■ Records from a collection
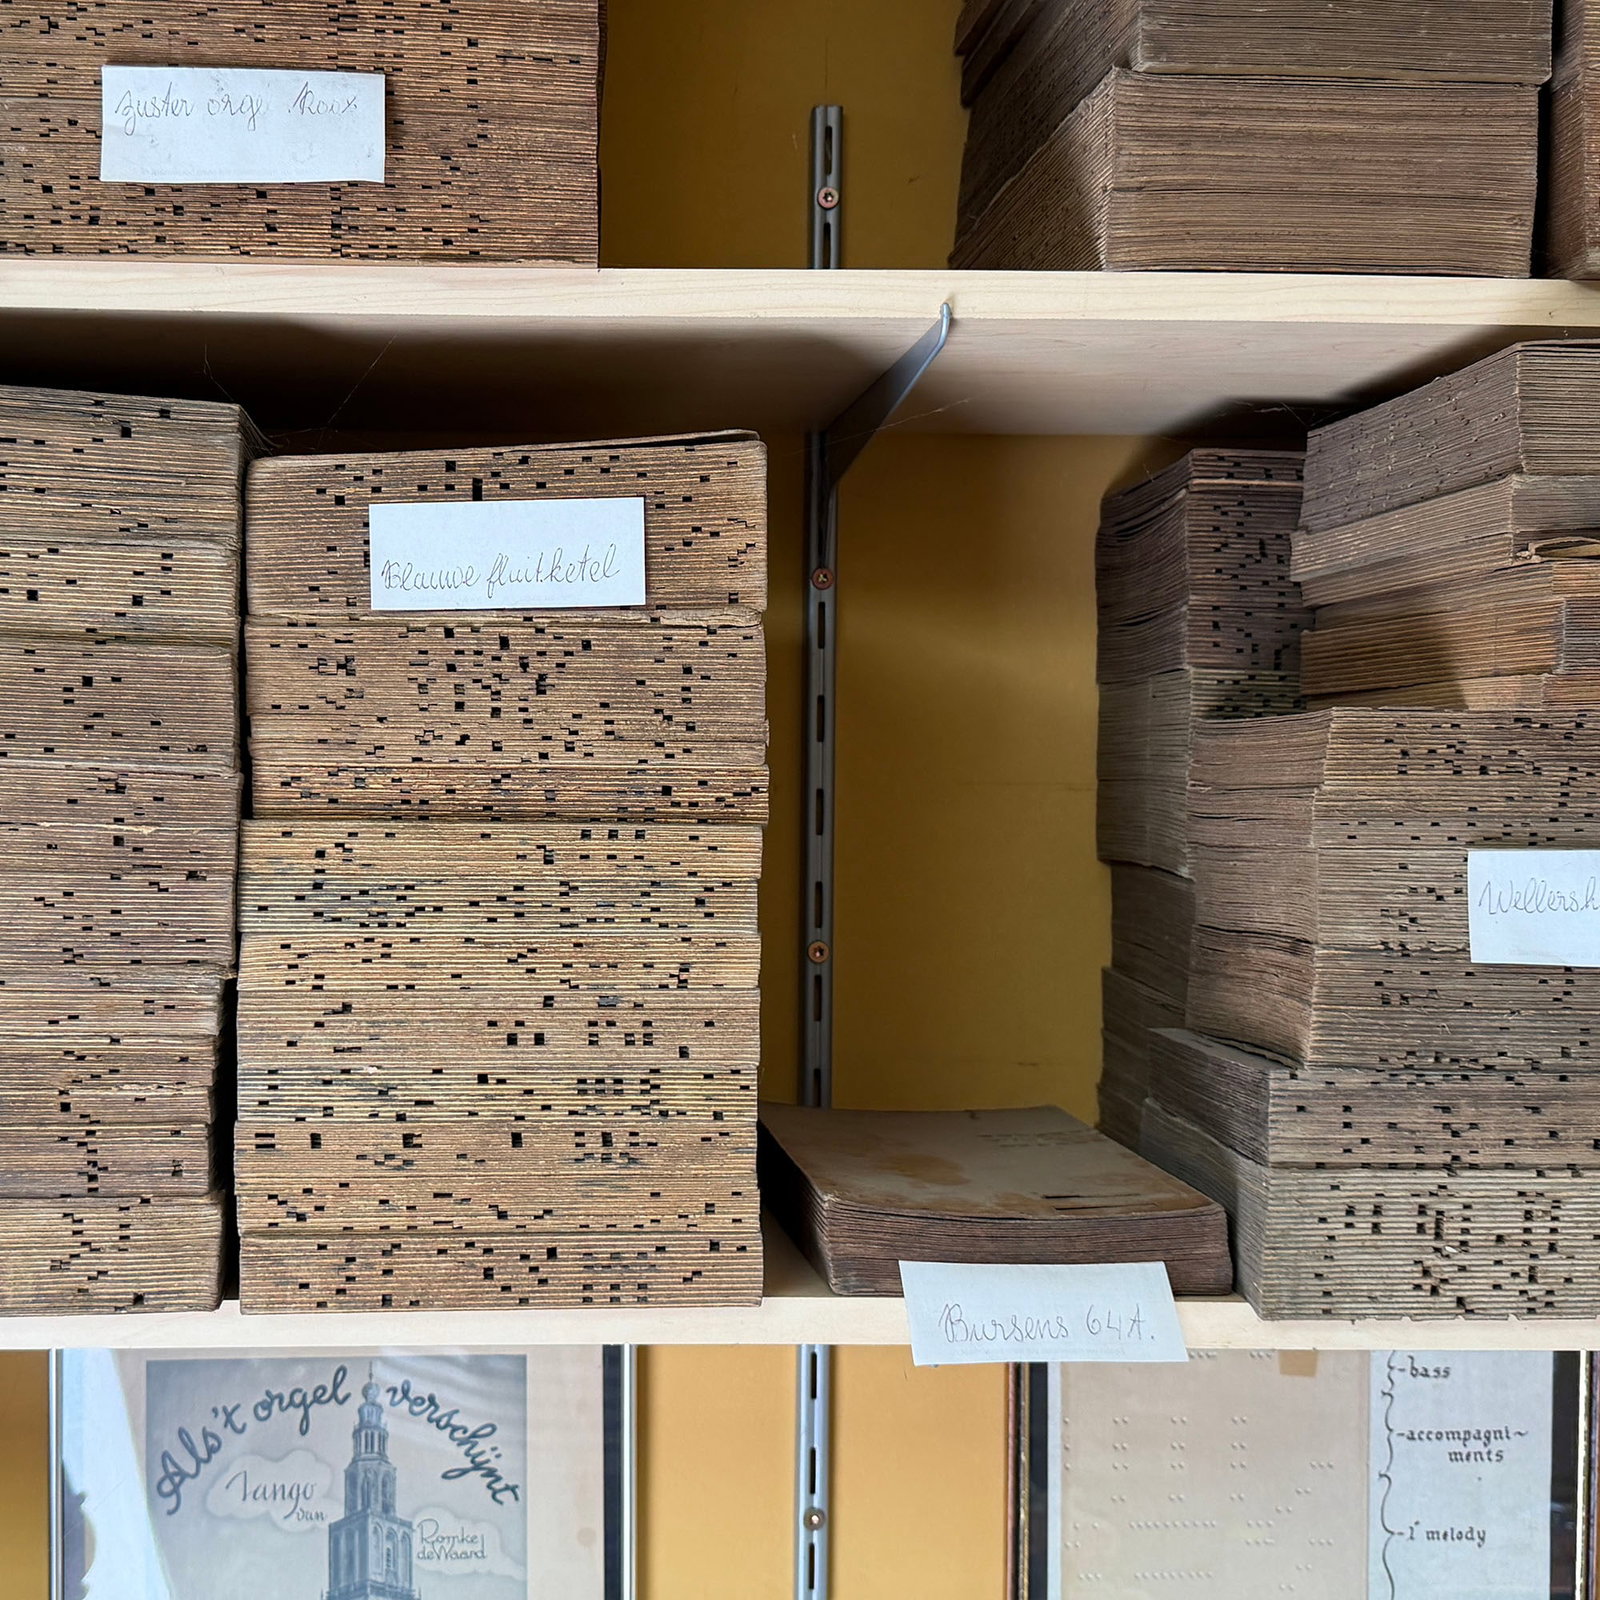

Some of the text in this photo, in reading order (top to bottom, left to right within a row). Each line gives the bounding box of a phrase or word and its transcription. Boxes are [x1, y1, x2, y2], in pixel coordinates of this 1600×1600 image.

[938, 1303, 1069, 1343] Bursens
[1408, 1355, 1451, 1379] bass
[253, 1365, 351, 1436] orgel
[1448, 1449, 1504, 1463] ments
[225, 1470, 316, 1519] Tango
[297, 1508, 326, 1521] van
[417, 1518, 478, 1544] Romke
[1425, 1526, 1486, 1548] melody
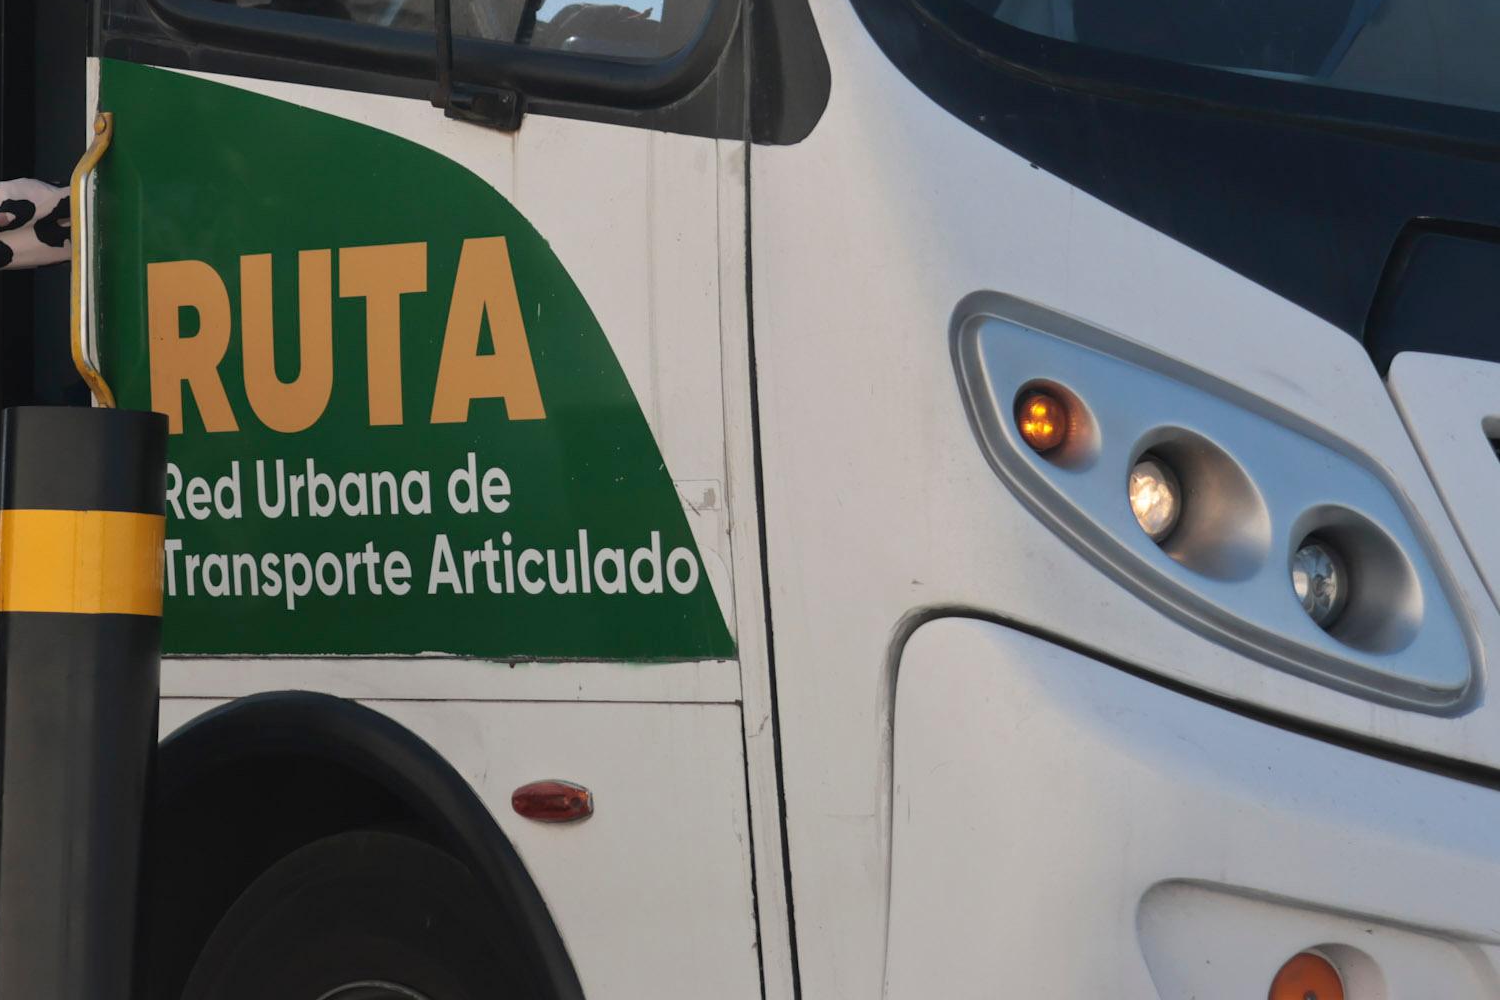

■ EXERCISE PROMPT
Nothing but the records, repeated exactly and stripped of pictures, should appear in the answer.

■ ANSWER BELOW
Some of the text in this photo, in reading order (top to bottom, left to right within a row). Each line gives the bounding box of a phrase or word and its transcription. Boxes are [x1, y1, x2, y2], in pixel coordinates of this 1600×1600 image.

[938, 1303, 1069, 1343] Bursens
[1408, 1355, 1451, 1379] bass
[253, 1365, 351, 1436] orgel
[1448, 1449, 1504, 1463] ments
[225, 1470, 316, 1519] Tango
[297, 1508, 326, 1521] van
[417, 1518, 478, 1544] Romke
[1425, 1526, 1486, 1548] melody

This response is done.